NBC’s great "The West Wing" ends with racist terrorists spraying the Presidential party (including the President’s daughter) with gunfire, but leaves open ‘til next season the question of who gets shot. (My money’s on the female secret service agent with the cute overbite. It can’t be the black aide who was the target of the death threats, because they’ve already killed one black guy early in the season.) And "The X-Files", which is known for cliff-hanger season enders, ends with David Duchovny’s Fox Mulder character getting kidnapped by aliens. Well, I guess it was his turn. Everybody else on the show has been.
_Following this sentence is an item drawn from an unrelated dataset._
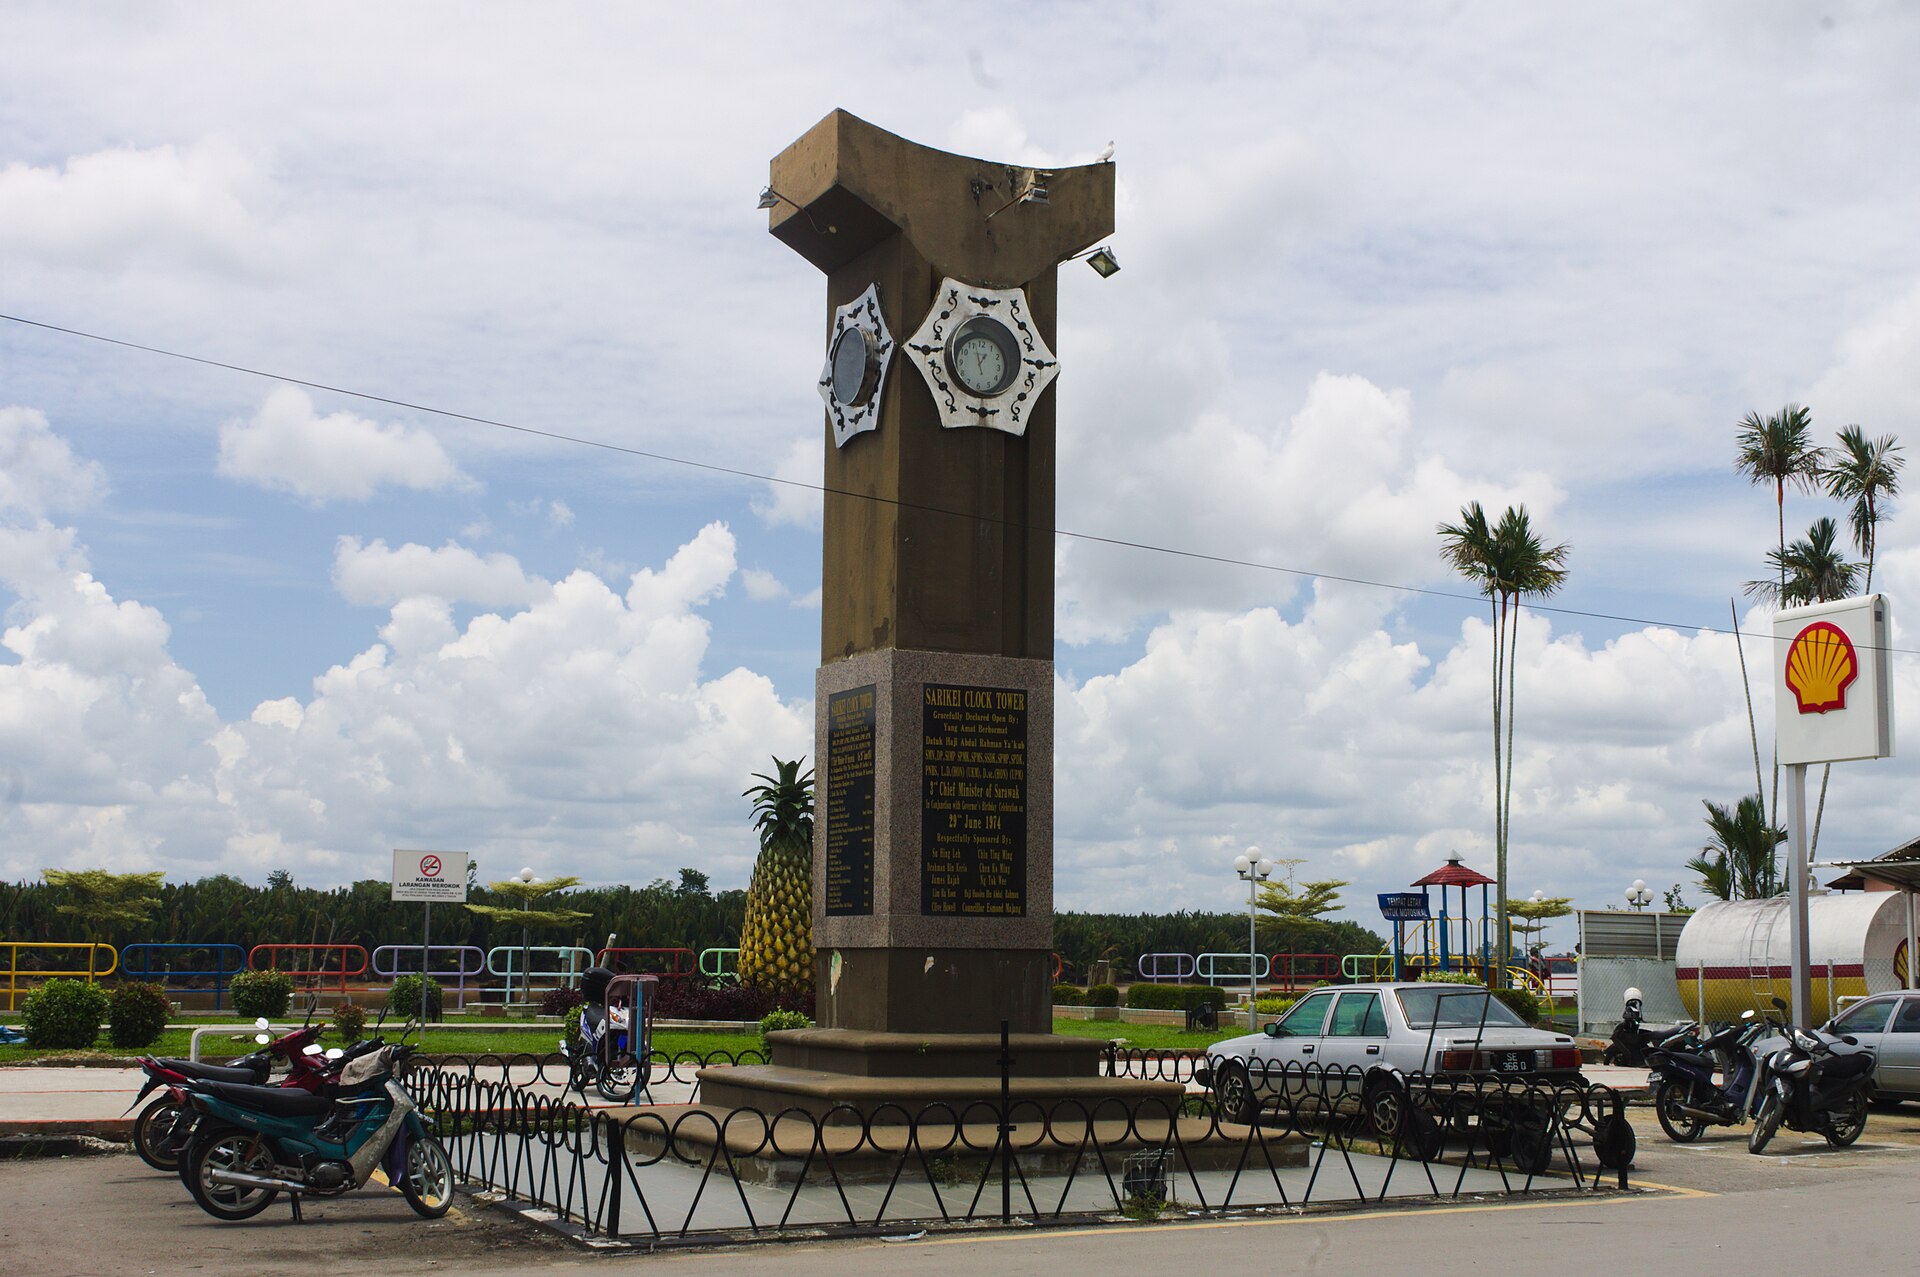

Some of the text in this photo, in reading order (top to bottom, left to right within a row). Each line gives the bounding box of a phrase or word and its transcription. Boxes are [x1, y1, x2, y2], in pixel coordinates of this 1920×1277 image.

Of course, in the case of "The X-Files", the kidnapping of Duchovny’s character is a way to gracefully cover the fact that he’s reportedly leaving the show to pursue his—chuckle—movie career. However, they’ve had him kidnapped, not killed, probably to give him a graceful way to ease back in when his movie career tanks, as it most likely will. I mean, he’s great as Mulder, but let’s face it. Duchovny’s range of on-screen emotions, in the words of the late great Dorothy Parker, "run the gamut from A to B". I haven’t seen Duchovny in his latest cinematic outing, but I understand it’s—get this—a romantic comedy. This I gotta see, but only when it comes out on video. Duchovny doing romantic comedy is like Boris Karloff singing the lead role in "My Fair Lady." But I digress.

I guess the point of these is to make you forget the fact that over half the season has been repeats of the other half and to get your butt back on the sofa next fall when the show returns, probably at another time, and maybe even on another network.

It’s enough to make you long for the days of classic TV, when shows came on early in the fall and didn’t go into reruns until summer. And there was none of this "blockbuster season finale" nonsense either. I mean, can you imagine it if the May sweeps had been filled with promos like: "Six Bradys—Who Will Live and Who Will Die…On A Season Finale That Will LEAVE YOU BREATHLESS!" or "A Forbidden Love Will Be Revealed…On the Shocking Season Finale of ‘Bonanza’!"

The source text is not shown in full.